Exercise requirements » A word-for-word transcription of every record is needed.

[Spatial localization data]

········

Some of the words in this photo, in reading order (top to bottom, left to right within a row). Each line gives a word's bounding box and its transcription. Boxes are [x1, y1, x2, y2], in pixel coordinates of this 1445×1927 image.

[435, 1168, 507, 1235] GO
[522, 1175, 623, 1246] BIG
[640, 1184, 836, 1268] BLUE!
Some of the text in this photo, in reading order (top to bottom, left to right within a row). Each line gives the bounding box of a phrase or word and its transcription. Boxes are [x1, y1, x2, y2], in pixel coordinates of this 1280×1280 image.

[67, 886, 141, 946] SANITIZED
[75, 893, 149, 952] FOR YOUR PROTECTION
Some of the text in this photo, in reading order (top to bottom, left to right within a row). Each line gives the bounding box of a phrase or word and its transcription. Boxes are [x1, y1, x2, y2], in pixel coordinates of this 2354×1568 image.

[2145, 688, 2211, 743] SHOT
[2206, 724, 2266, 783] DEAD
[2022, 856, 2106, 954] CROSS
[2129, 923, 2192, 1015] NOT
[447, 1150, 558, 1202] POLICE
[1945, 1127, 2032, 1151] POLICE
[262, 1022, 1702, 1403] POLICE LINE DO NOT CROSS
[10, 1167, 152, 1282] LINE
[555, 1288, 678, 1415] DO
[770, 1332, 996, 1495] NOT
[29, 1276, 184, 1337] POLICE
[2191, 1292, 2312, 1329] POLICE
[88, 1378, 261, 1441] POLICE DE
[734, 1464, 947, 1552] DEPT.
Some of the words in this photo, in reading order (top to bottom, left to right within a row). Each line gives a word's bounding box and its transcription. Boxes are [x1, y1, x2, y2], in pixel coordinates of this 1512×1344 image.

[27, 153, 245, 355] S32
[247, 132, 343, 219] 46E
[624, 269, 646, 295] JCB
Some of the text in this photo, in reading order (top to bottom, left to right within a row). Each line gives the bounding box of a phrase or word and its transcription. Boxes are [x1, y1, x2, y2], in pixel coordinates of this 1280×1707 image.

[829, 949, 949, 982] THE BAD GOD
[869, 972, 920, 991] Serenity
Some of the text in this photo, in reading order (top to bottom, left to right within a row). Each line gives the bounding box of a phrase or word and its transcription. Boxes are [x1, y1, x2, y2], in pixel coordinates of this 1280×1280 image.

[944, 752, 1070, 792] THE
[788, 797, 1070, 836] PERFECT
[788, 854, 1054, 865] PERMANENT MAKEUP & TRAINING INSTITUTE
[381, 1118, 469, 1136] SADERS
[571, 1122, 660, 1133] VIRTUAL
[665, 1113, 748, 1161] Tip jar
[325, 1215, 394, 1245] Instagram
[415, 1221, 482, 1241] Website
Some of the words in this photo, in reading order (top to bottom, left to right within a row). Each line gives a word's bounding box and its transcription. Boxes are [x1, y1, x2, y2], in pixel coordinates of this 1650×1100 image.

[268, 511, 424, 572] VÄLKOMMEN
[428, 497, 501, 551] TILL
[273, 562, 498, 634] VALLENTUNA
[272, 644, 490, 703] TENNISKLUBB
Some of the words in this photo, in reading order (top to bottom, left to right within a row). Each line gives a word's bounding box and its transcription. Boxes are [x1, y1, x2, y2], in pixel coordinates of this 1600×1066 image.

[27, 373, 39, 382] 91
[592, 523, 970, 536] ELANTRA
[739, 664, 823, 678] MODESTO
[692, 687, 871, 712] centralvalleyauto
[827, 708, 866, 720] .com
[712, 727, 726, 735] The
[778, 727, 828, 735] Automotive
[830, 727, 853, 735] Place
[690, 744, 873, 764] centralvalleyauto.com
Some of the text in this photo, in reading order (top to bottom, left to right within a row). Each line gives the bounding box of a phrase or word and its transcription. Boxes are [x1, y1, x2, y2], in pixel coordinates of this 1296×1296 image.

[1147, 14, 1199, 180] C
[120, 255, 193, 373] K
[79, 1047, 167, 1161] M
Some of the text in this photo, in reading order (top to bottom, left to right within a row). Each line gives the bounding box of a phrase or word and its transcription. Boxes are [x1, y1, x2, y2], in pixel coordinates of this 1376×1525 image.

········

Reply »
Some of the words in this photo, in reading order (top to bottom, left to right within a row). Each line gives a word's bounding box and its transcription. Boxes are [x1, y1, x2, y2], in pixel coordinates of this 1445×1927 image.

[435, 1168, 507, 1235] GO
[522, 1175, 623, 1246] BIG
[640, 1184, 836, 1268] BLUE!
Some of the text in this photo, in reading order (top to bottom, left to right within a row). Each line gives the bounding box of a phrase or word and its transcription. Boxes are [x1, y1, x2, y2], in pixel coordinates of this 1280×1280 image.

[67, 886, 141, 946] SANITIZED
[75, 893, 149, 952] FOR YOUR PROTECTION
Some of the text in this photo, in reading order (top to bottom, left to right within a row). Each line gives the bounding box of a phrase or word and its transcription. Boxes are [x1, y1, x2, y2], in pixel coordinates of this 2354×1568 image.

[2145, 688, 2211, 743] SHOT
[2206, 724, 2266, 783] DEAD
[2022, 856, 2106, 954] CROSS
[2129, 923, 2192, 1015] NOT
[447, 1150, 558, 1202] POLICE
[1945, 1127, 2032, 1151] POLICE
[262, 1022, 1702, 1403] POLICE LINE DO NOT CROSS
[10, 1167, 152, 1282] LINE
[555, 1288, 678, 1415] DO
[770, 1332, 996, 1495] NOT
[29, 1276, 184, 1337] POLICE
[2191, 1292, 2312, 1329] POLICE
[88, 1378, 261, 1441] POLICE DE
[734, 1464, 947, 1552] DEPT.
Some of the words in this photo, in reading order (top to bottom, left to right within a row). Each line gives a word's bounding box and its transcription. Boxes are [x1, y1, x2, y2], in pixel coordinates of this 1512×1344 image.

[27, 153, 245, 355] S32
[247, 132, 343, 219] 46E
[624, 269, 646, 295] JCB
Some of the text in this photo, in reading order (top to bottom, left to right within a row). Each line gives the bounding box of a phrase or word and its transcription. Boxes are [x1, y1, x2, y2], in pixel coordinates of this 1280×1707 image.

[829, 949, 949, 982] THE BAD GOD
[869, 972, 920, 991] Serenity
Some of the text in this photo, in reading order (top to bottom, left to right within a row). Each line gives the bounding box of a phrase or word and its transcription. Boxes are [x1, y1, x2, y2], in pixel coordinates of this 1280×1280 image.

[944, 752, 1070, 792] THE
[788, 797, 1070, 836] PERFECT
[788, 854, 1054, 865] PERMANENT MAKEUP & TRAINING INSTITUTE
[381, 1118, 469, 1136] SADERS
[571, 1122, 660, 1133] VIRTUAL
[665, 1113, 748, 1161] Tip jar
[325, 1215, 394, 1245] Instagram
[415, 1221, 482, 1241] Website
Some of the words in this photo, in reading order (top to bottom, left to right within a row). Each line gives a word's bounding box and its transcription. Boxes are [x1, y1, x2, y2], in pixel coordinates of this 1650×1100 image.

[268, 511, 424, 572] VÄLKOMMEN
[428, 497, 501, 551] TILL
[273, 562, 498, 634] VALLENTUNA
[272, 644, 490, 703] TENNISKLUBB
Some of the words in this photo, in reading order (top to bottom, left to right within a row). Each line gives a word's bounding box and its transcription. Boxes are [x1, y1, x2, y2], in pixel coordinates of this 1600×1066 image.

[27, 373, 39, 382] 91
[592, 523, 970, 536] ELANTRA
[739, 664, 823, 678] MODESTO
[692, 687, 871, 712] centralvalleyauto
[827, 708, 866, 720] .com
[712, 727, 726, 735] The
[778, 727, 828, 735] Automotive
[830, 727, 853, 735] Place
[690, 744, 873, 764] centralvalleyauto.com
Some of the text in this photo, in reading order (top to bottom, left to right within a row). Each line gives the bounding box of a phrase or word and its transcription. Boxes are [x1, y1, x2, y2], in pixel coordinates of this 1296×1296 image.

[1147, 14, 1199, 180] C
[120, 255, 193, 373] K
[79, 1047, 167, 1161] M
Some of the text in this photo, in reading order (top to bottom, left to right within a row). Each line gives the bounding box of a phrase or word and its transcription. Boxes are [x1, y1, x2, y2], in pixel coordinates of this 1376×1525 image.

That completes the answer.